From Algorithms to Infrastructure
Yang predicts that as AI models achieve similar performance levels, competitive advantage will shift from algorithms to infrastructure — especially the ability to process vast volumes of “tokens”, the basic units of AI computation.
“In the long run, the bottleneck may no longer be model capability, but how quickly you can build large-scale ‘token factories’,” he explained, noting energy costs and computing infrastructure as decisive factors.
He also suggested that AI-generated tokens could eventually become a proxy for economic activity, potentially reshaping traditional metrics such as GDP.
Open Systems and Economic Value
According to Yang, open-source AI systems may ultimately dominate by enabling a broader ecosystem of developers, applications, and distribution channels. While closed models retain market share, open platforms could generate greater total token output and therefore higher economic value.

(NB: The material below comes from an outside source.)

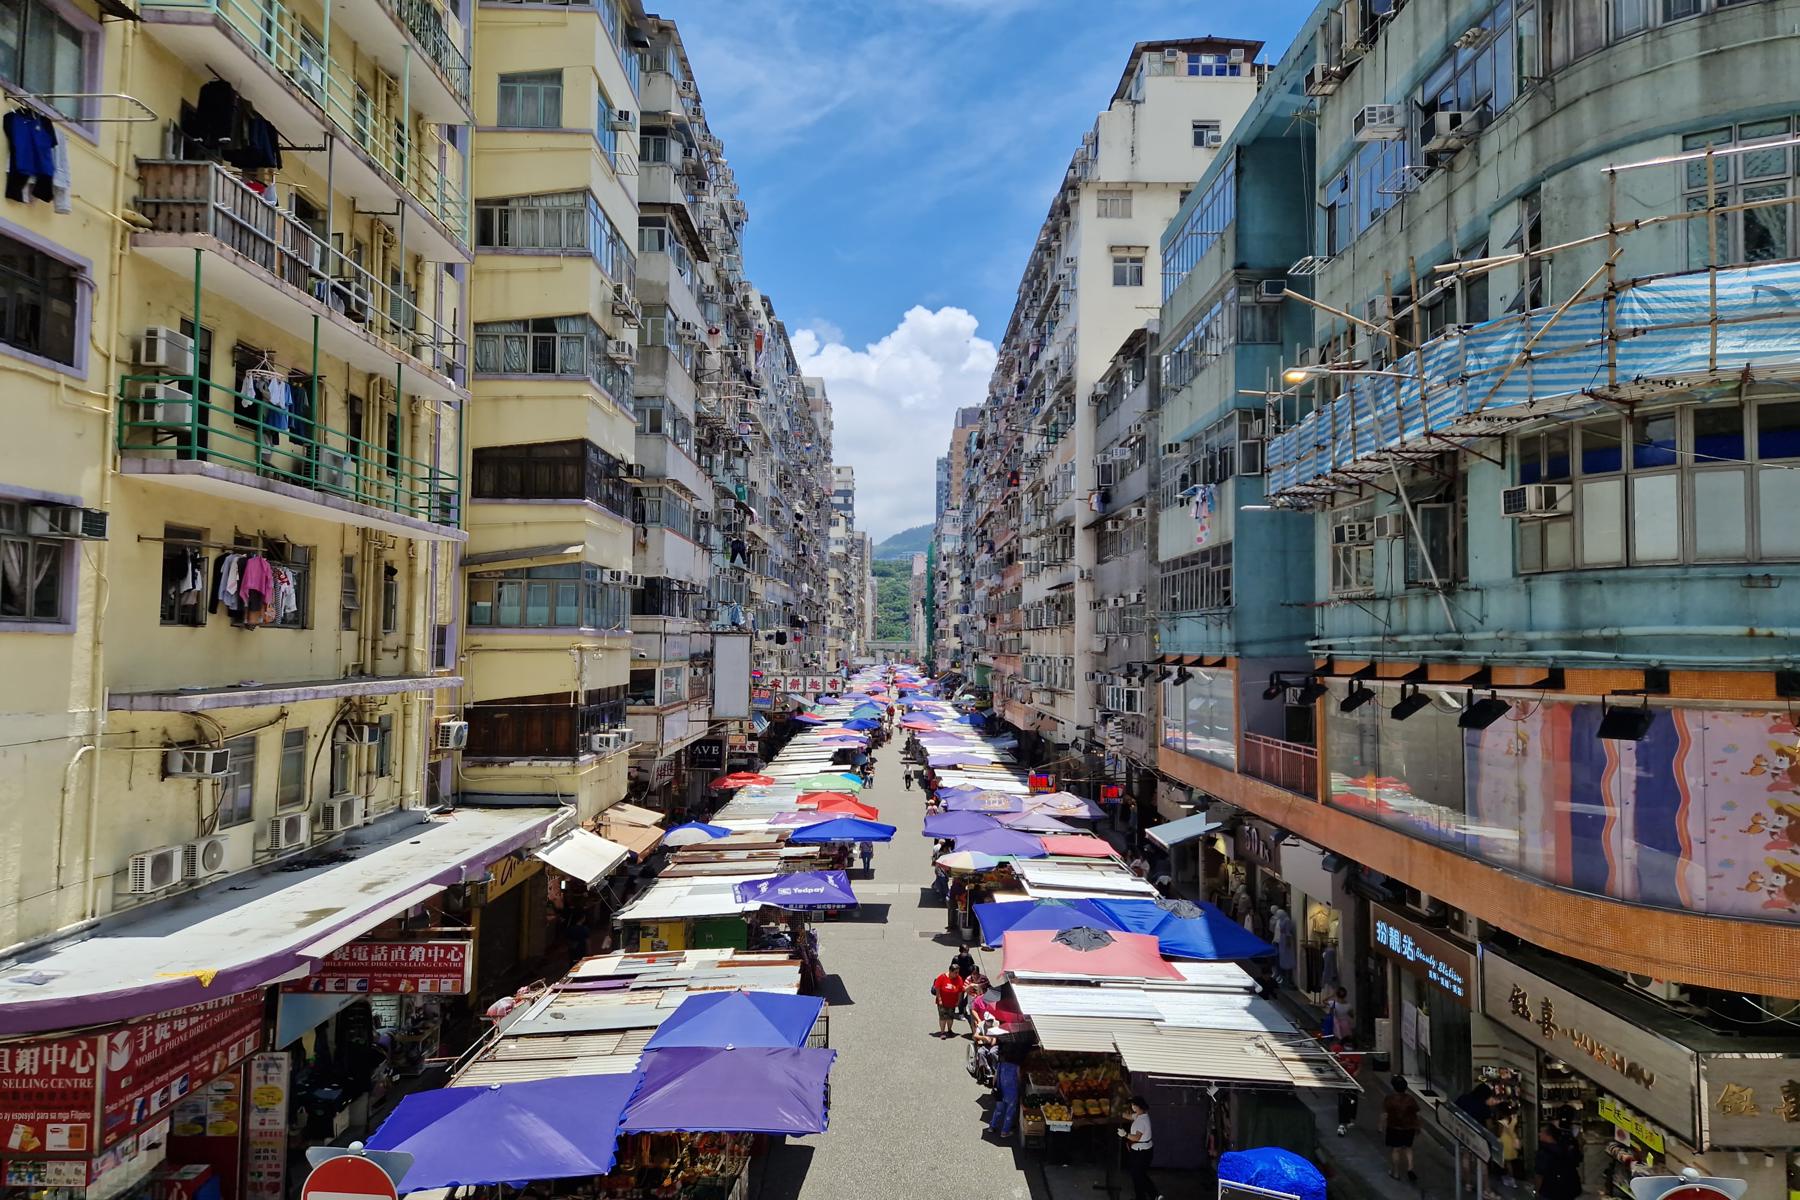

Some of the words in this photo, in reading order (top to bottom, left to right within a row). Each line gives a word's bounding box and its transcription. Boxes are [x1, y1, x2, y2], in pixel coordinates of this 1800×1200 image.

The attention residuals innovation reconfigures how information flows through model layers, improving training efficiency and performance, though Yang did not disclose detailed benchmarks.

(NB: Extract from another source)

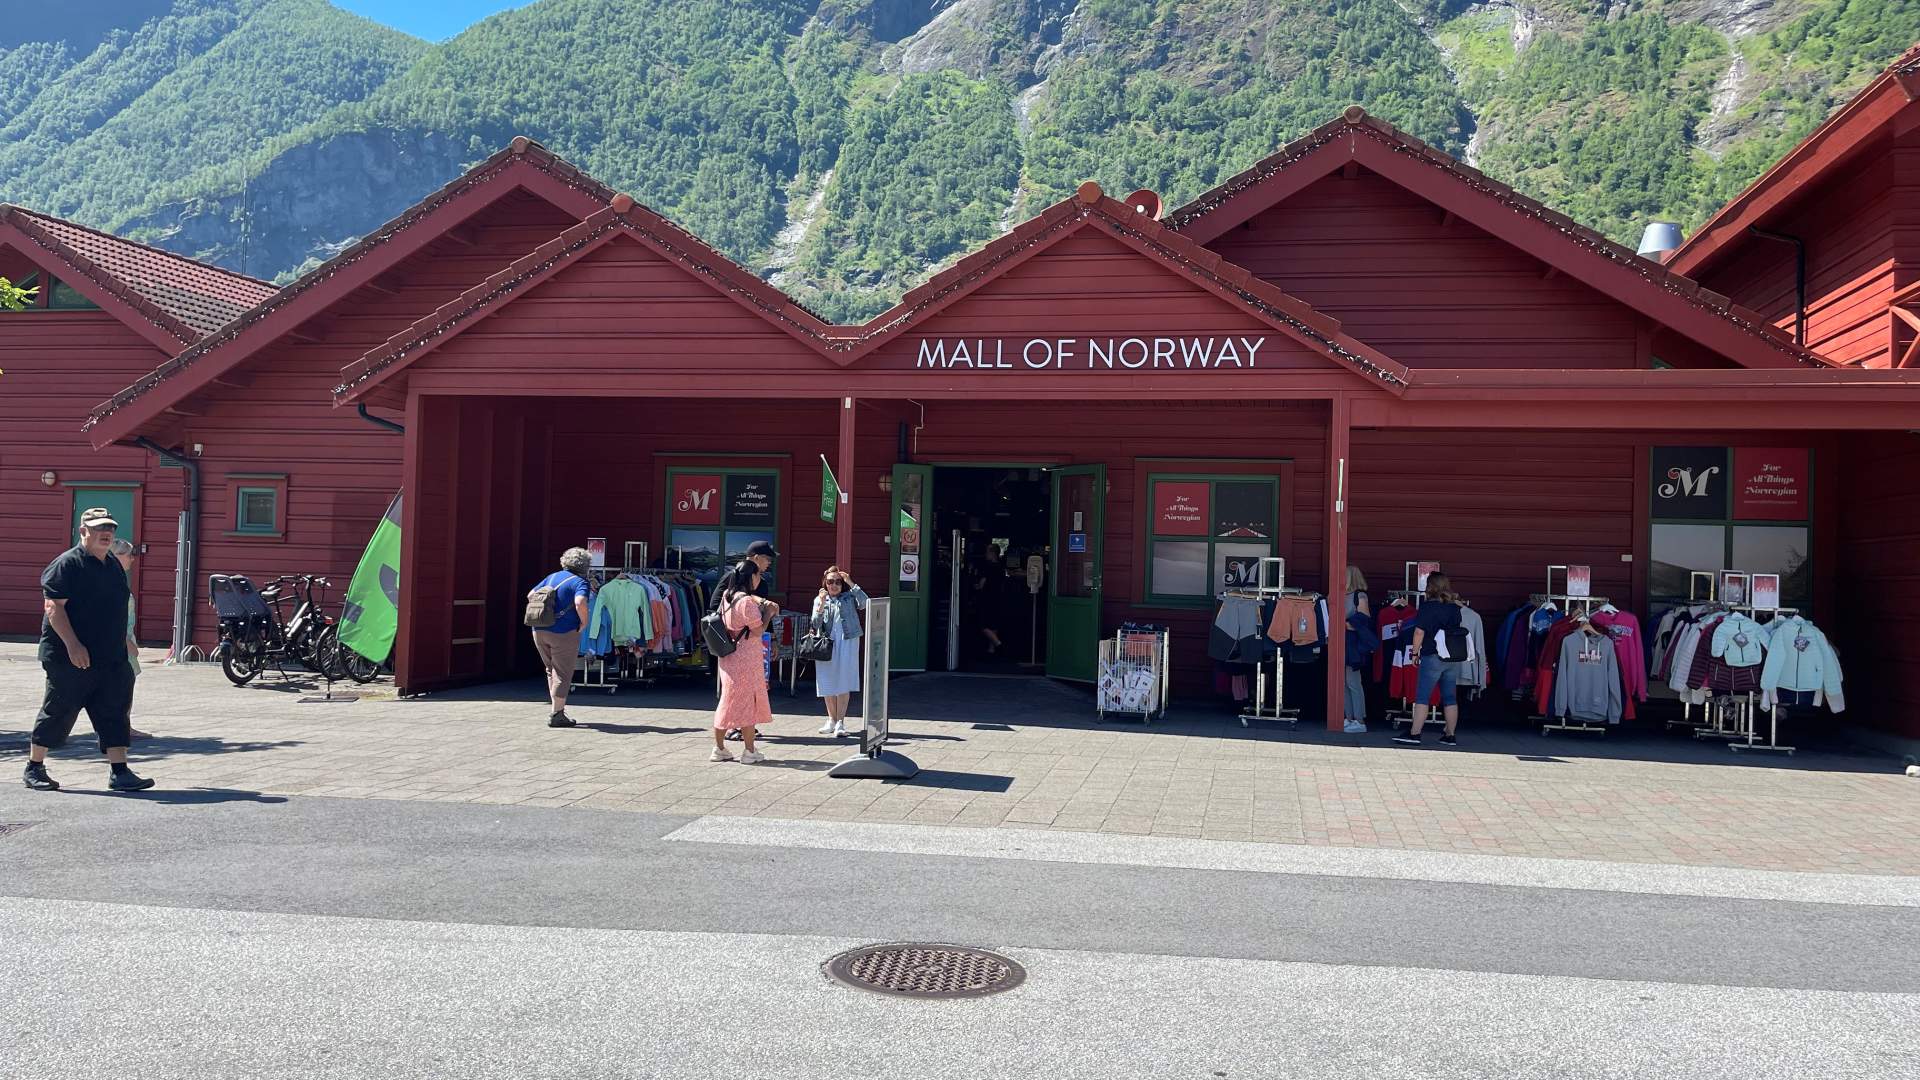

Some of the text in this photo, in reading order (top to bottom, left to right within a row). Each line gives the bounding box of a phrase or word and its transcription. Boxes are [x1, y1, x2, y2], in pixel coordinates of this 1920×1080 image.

“Standards have formed, but within those standards, there is still a lot that can be overturned. I think there are still many possibilities,” he said.
China’s Talent Pipeline
Yang highlighted China’s decades-long investment in education, from primary to doctoral levels, as a key strength. The large pool of technically skilled talent enables companies to accelerate machine intelligence development efficiently and cost-effectively.
As China positions itself as a driver of structural change in the AI ecosystem, Yang believes the combination of open innovation, advanced infrastructure, and human expertise will define the next phase of global AI development.